According to the Sports Business Journal, Kliavkoff signed a five-year deal that begins on July 1.
Three reasons why Kliavkoff was hired by the Pac-12:
* He brings a rich background in media, especially digital. At MLBAM, he was at the forefront of bringing all of the teams together into a single digital entity and then monetizing it. He was part of the team that launched Hulu. He helped move the “TV Everywhere” concept forward at NBCUniversal by putting 2,200 hours of Olympic programming online and on mobile phones in 2008. The conference will be quick to point out that Kliavkoff is not just a “media guy,” but many of his strengths are rooted there.

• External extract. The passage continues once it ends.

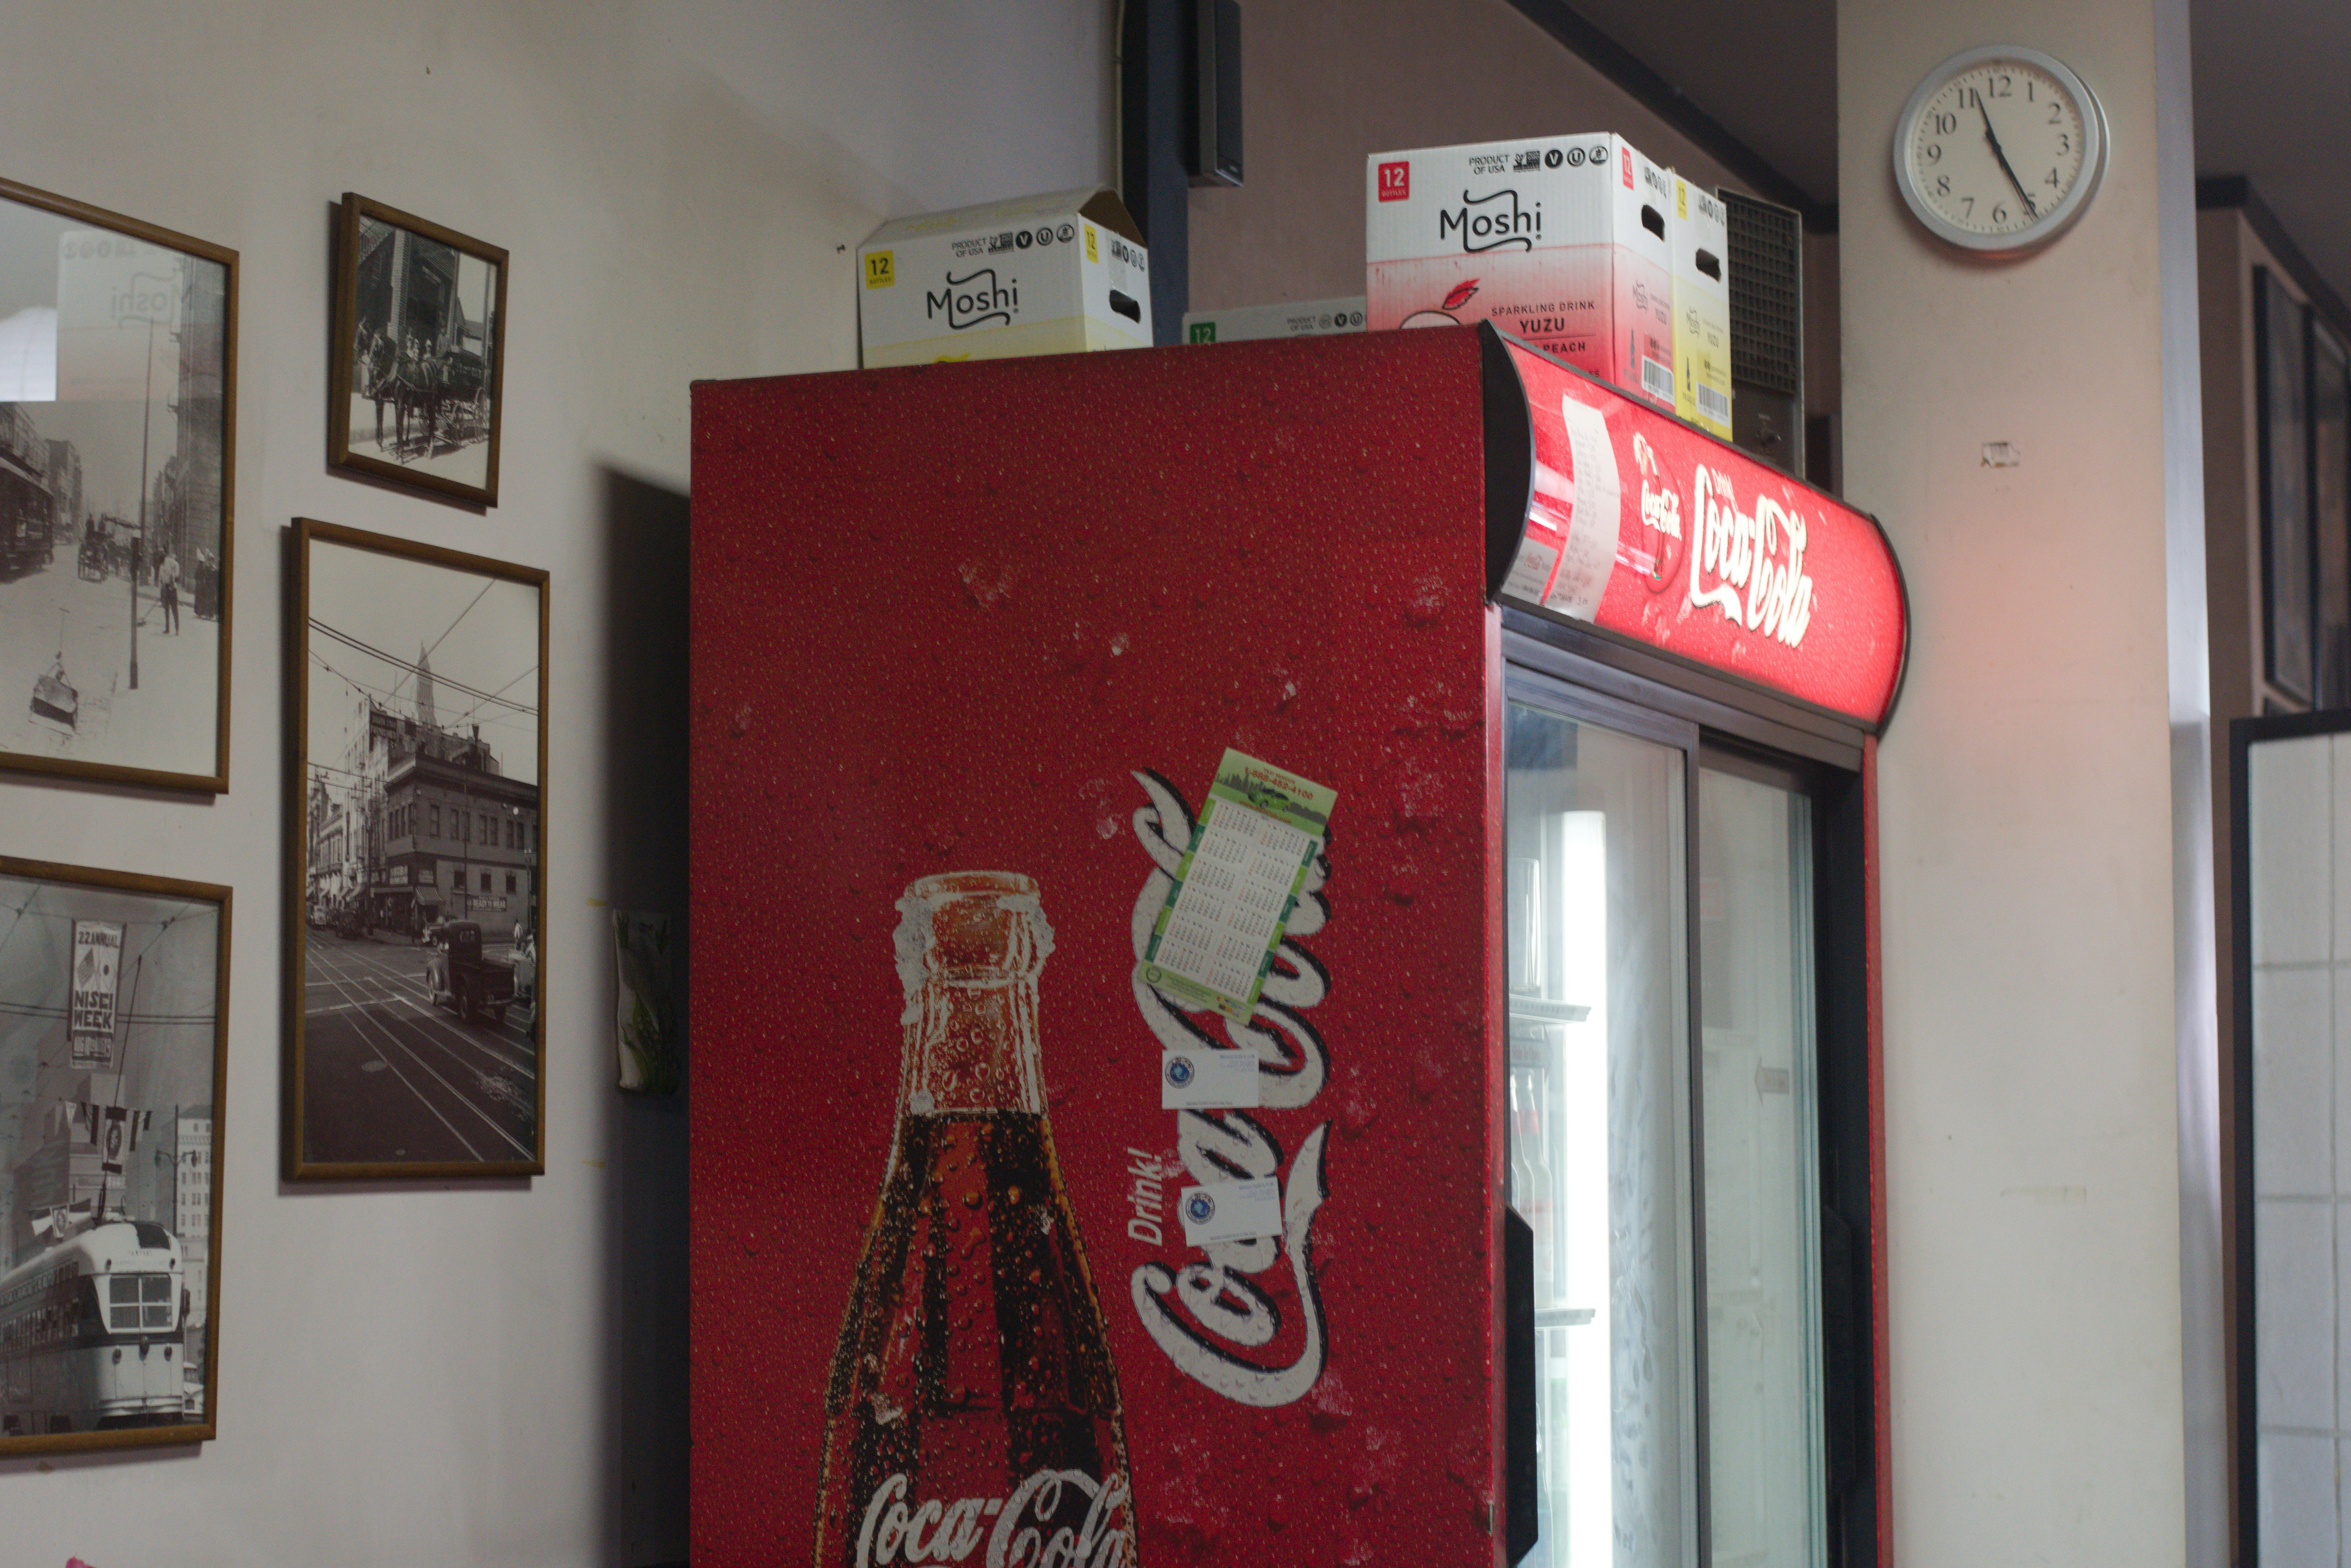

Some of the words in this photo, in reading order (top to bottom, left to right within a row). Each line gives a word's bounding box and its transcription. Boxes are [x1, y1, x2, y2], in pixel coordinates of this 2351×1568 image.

* Kliavkoff’s experience running a massive live events business at MGM Resorts Int’l positions him well because running live events is at the heart of what conferences do. He’s undoubtedly evolved his thinking on the fan experience as well after three years in Las Vegas.
*Most everywhere Kliavkoff has been, he’s encountered longtime legacy brands, sometimes stodgy brands, in need of change, and he has taken on those challenges. NBC, MLBAM, MGM, they all fall into that category. College athletics, which often are slow to change, fit that same description. With athlete compensation, ongoing legal battles and more change coming, perhaps from Congress, the Pac-12’s leadership found Kliavkoff’s experience in managing change to be a supreme asset.
The Pac-12 presidents were extremely secretive during the deliberations about the new commissioner and a true direction never really leaked. But some of the names up for discussion included former NCAA executive and NFL quarterback Oliver Luck, Ohio State athletic director Gene Smith and Texas AD Chris Del Conte, all of whom had strong ties to college football.